Some of the Punjabi people who watched Tuesday nights film, shown on BBC Two, have said it was “not really what I was expecting” or “quite boring to be honest” but one criticism that I’ve heard was that it had shone a bad light on Sikh, British Punjabi people and that it was not a true representation of family life for our culture. Now this is only a handful of people to comment on the show, and the majority of the feedback has been positive – but I can’t help but notice, all negative feedback I have seen has been from Punjabi people.
The importance of this show was a great deal. It highlighted topics which go on in more families than we probably know. Mixed relationships and metal health are massive taboos still to this day in 2017. The story that Sathnam wrote about stemmed from as far back to the late 1960’s where mental health was not as big of a talking point as it is now. Still to this day, mental health and the many illnesses that stem off from it, are not spoken about in Punjabi homes.
We have a growing number of teenagers, young adults and women who suffer in silence day in and day out with demons which they are scared to deal with because of the shame and fear held upon by family values and pride. Most of the stories of poor mental health in Punjabi people that I have heard seem to stem from marriage, childbirth and sexuality. All very taboo subjects to speak about around any Punjabi family home and are often labelled as black magic, voodoo or a sign from God.
“The Boy with the Topknot” opened the firmly closed door of a normal family household and let viewers in to see a real Punjabi home where nothing was as it really seemed. It showed that even decades ago, mental health was a huge unspoken about problem, not only caused by social media, the pressures of stressful jobs or something we have “just because its popular.” It showed that its not a fad or a phase, and that its a real growing problem we need to talk about and address in our communities. The story also highlighted the strength that our mothers have in upholding the family home as well as the family name, but never get credit for, and it also acknowledged the huge pressure in marriage and the stigma around having a non-Sikh, brown, Punjabi, Jatt girlfriend (that list of check boxes is long, aye?!)

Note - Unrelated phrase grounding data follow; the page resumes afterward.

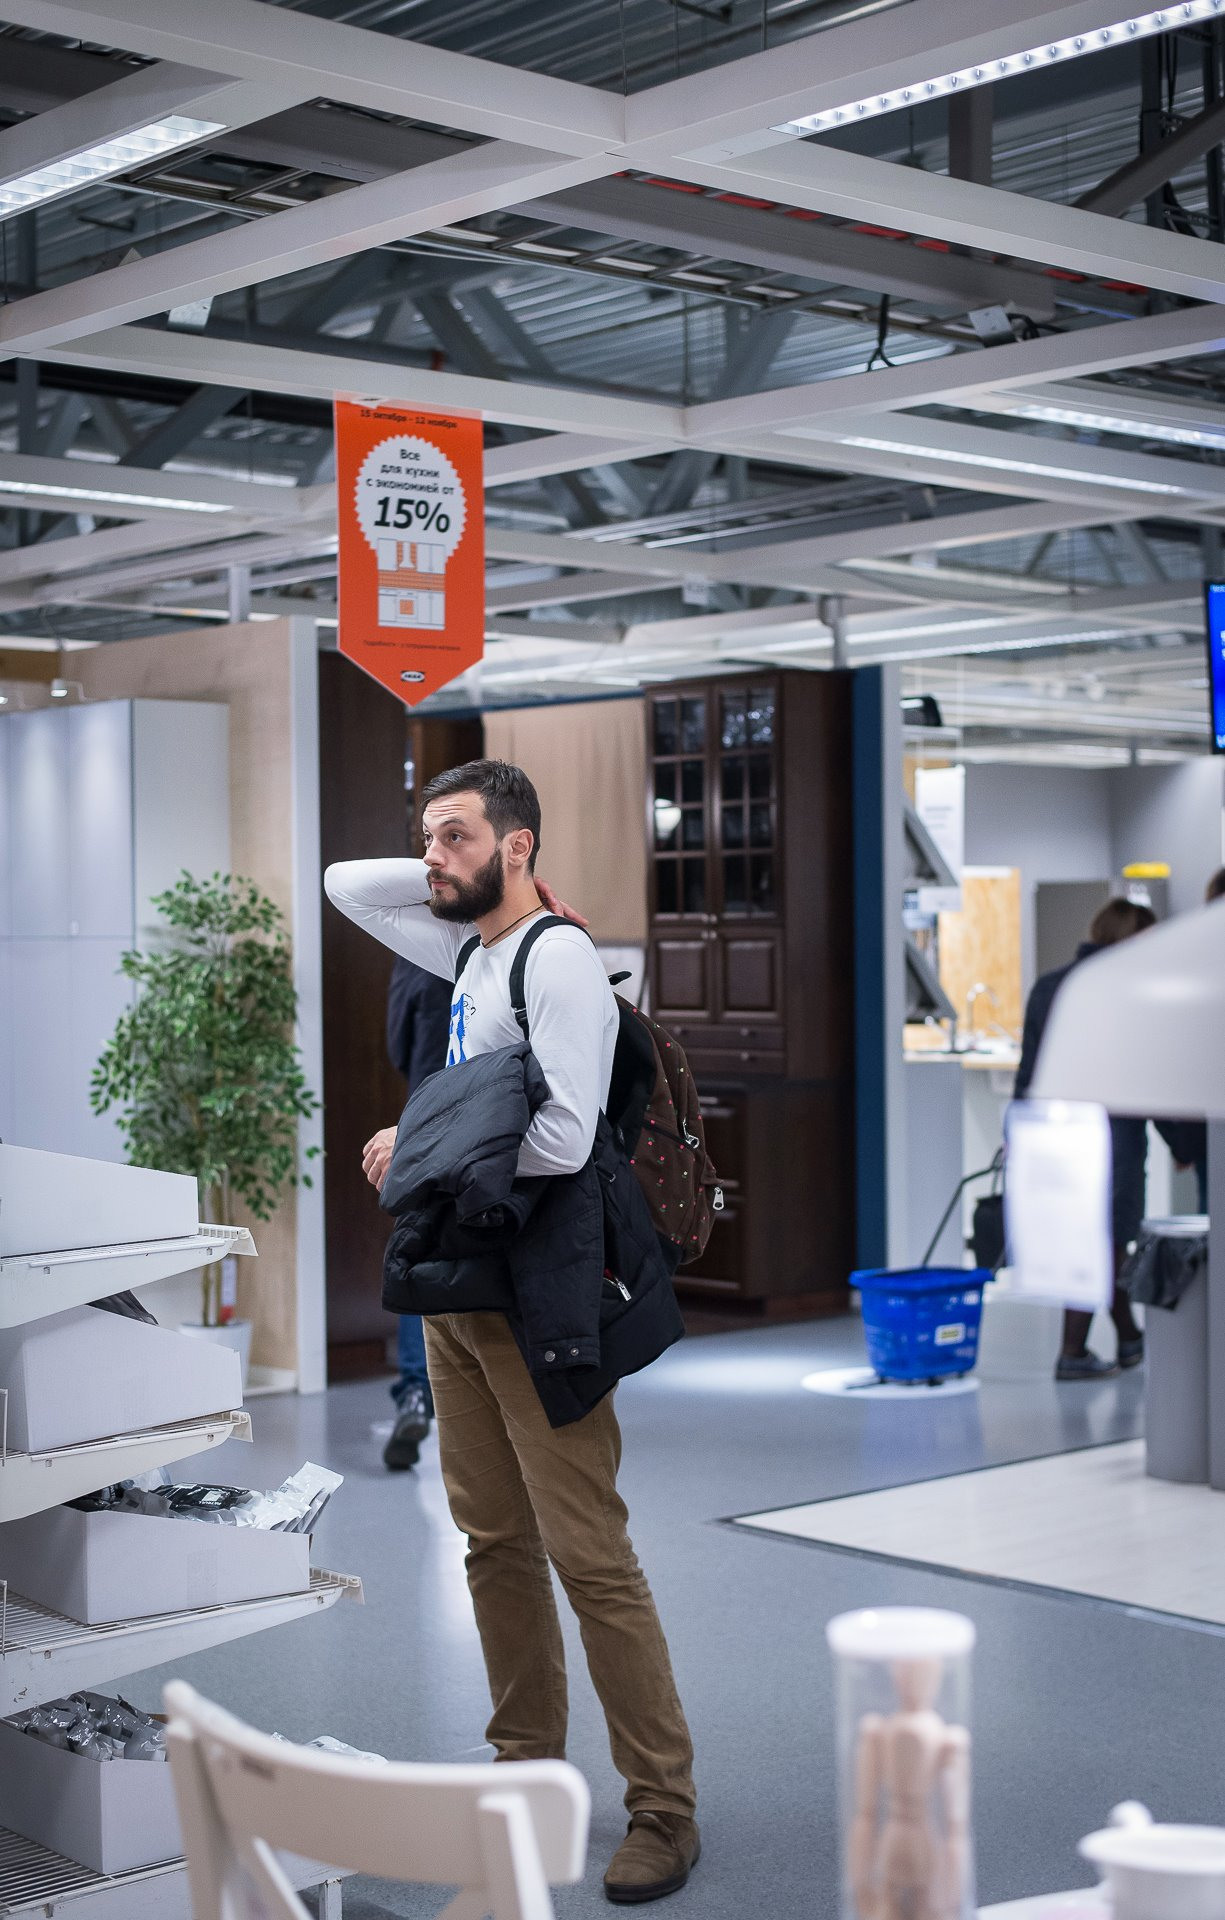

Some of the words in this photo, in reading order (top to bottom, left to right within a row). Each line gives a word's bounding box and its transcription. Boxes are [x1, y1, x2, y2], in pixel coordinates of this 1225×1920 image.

[360, 409, 371, 418] 15
[373, 412, 407, 423] октября
[415, 416, 426, 424] 12
[427, 420, 457, 429] ноября
[400, 449, 421, 461] Все
[380, 464, 402, 474] для
[405, 466, 440, 479] кухни
[366, 478, 372, 487] с
[376, 478, 440, 494] экономией
[442, 487, 455, 496] от
[374, 496, 451, 533] 15%

It also, more importantly, gave the opportunity for our families to have a conversation and to look and to delve into our pasts.

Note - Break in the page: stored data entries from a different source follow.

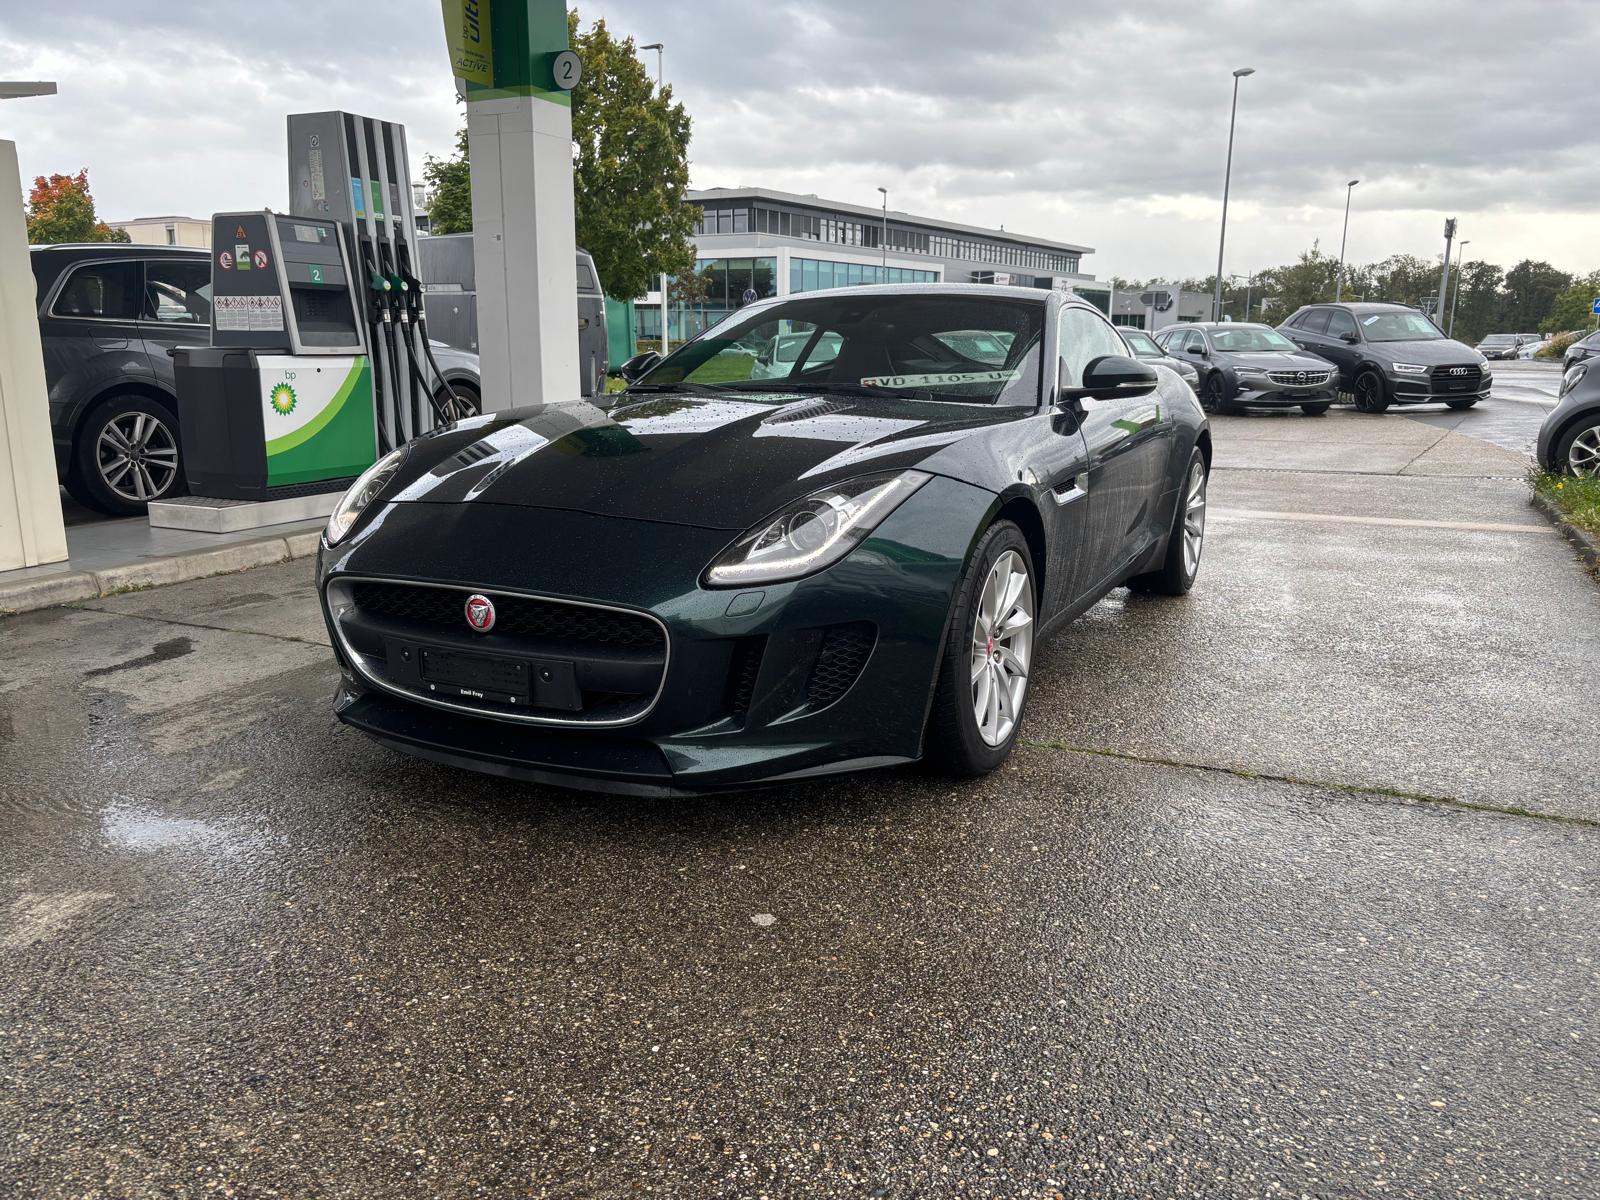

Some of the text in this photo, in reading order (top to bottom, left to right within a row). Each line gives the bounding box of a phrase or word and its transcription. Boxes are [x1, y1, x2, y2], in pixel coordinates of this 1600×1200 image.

[456, 58, 489, 72] ACTIVE
[563, 60, 572, 80] 2
[312, 269, 321, 281] 2
[284, 370, 297, 381] bp
[472, 690, 484, 698] Frey

How did our parents meet and who introduced them? What was the wedding like? What was going on in the world the day you were born?
Simple questions which can turn into conversations unravelling a whole history of things swept under the carpet because of pride.
Shame is a wasted emotion, don’t let the thoughts of the others stop you from living your best life. Speak to your families, learn about your past and befriend your parents. They have probably been through more than you know and will ever get to experience. They are a fountain stories, knowledge and wisdom.
A lesson to be learnt from Tuesday nights show is that opening up and being truthful with those closest to you is a thing of beauty. You don’t have to fling your closed door open for all to enter at once, but let people in now and then. It’s good to talk.